The human brain, especially the part of our brain called the neo-cortex, possesses an incredible property called plasticity. Neuroplasticity refers to the property of the brain to literally realign itself, structurally, to adjust to the demands being put on it; i.e. it essentially rewires itself, constantly, to better adapt to our lifestyles and the tasks we assign to it. It is because of this property that we are able to learn languages, play instruments or get progressively better at any skill. However, much as this property confers immense benefits on us, both as individuals and as a species, it is a double-edged sword. The brain does not discriminate between positive and negative behavioural patterns; It just constantly adapts and re-structures itself to get better and more efficient at reproducing habitual patterns of thought, emotion and behaviour. Therefore, the more negative emotions we experience, the more readily our brain conjures these negative responses. In simpler terms, the more a person is anxious or stressed, the better their brain gets at being anxious and stressed. Understanding this vicious loop is absolutely vital to being able to appreciate the full extent of the problem that mental health issues pose to caregivers, family members and medical practitioners worldwide.

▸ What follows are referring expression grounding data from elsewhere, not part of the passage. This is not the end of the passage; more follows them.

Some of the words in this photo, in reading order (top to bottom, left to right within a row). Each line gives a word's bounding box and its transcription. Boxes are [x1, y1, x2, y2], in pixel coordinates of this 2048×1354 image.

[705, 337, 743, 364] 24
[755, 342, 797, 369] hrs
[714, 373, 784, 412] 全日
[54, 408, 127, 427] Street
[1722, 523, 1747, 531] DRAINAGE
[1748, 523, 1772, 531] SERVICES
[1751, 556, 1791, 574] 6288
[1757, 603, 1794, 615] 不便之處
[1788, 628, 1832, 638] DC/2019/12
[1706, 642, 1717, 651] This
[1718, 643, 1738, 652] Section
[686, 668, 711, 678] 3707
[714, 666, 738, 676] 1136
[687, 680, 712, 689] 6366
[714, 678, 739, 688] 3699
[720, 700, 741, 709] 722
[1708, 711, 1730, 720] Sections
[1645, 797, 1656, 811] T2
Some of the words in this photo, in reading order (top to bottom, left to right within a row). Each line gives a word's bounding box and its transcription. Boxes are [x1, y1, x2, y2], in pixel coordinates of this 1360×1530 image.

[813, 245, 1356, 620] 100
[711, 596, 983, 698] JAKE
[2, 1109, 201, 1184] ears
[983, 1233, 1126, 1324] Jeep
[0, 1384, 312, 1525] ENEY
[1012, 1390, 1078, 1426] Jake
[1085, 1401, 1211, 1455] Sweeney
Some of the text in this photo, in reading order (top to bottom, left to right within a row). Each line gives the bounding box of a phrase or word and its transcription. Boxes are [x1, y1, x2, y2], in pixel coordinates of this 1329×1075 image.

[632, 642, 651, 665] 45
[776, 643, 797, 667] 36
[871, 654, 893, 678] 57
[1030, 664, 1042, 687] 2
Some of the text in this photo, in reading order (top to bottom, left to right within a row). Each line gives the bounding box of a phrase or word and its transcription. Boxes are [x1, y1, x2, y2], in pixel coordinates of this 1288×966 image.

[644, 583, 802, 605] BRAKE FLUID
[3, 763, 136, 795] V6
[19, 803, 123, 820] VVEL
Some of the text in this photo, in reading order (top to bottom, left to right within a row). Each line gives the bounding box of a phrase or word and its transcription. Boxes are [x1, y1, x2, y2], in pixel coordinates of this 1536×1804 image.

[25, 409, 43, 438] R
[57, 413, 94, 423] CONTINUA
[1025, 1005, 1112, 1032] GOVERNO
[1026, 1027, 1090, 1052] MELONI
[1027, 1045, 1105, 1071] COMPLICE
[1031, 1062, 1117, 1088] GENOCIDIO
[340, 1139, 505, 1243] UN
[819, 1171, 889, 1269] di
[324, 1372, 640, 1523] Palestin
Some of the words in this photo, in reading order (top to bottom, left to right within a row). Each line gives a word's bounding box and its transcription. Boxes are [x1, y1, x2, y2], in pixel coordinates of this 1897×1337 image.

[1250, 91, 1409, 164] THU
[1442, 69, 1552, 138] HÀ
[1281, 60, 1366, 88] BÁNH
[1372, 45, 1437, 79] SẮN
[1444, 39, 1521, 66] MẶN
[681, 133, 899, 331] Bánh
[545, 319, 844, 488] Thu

Higher levels of stress are being reported worldwide. A previously unseen proportion of anxiety and depressive disorders are being recorded today. A measure of contemplation, calmness and just good old slowing down seems to be in order for us, as a society. We are also faced with a pressing need to face ourselves, both as a collective unit and as individuals, and ask ourselves what the truly important things are in life. We might be more industrially capable than ever before, but at what cost? Are conveniences, gizmos and distractions worth our inner peace and stability? These questions might seem cheesy and banal, but this sorry state of affairs is only getting worse. Nevertheless, there is probably need to get quite so grim, after all; Now more than ever, people in distress have access to a whole lot of material and guidance through the internet. Be it Eastern breathing techniques or hands-on yoga training, it can all be accessed through a few clicks, right from your bedroom. However, it would be very naive of us to be complacent and dismiss the issue of stress and anxiety. It might not be far fetched at all to assume that this stress epidemic is only going to get worse in the near future, if we don’t collectively learn to take a breather.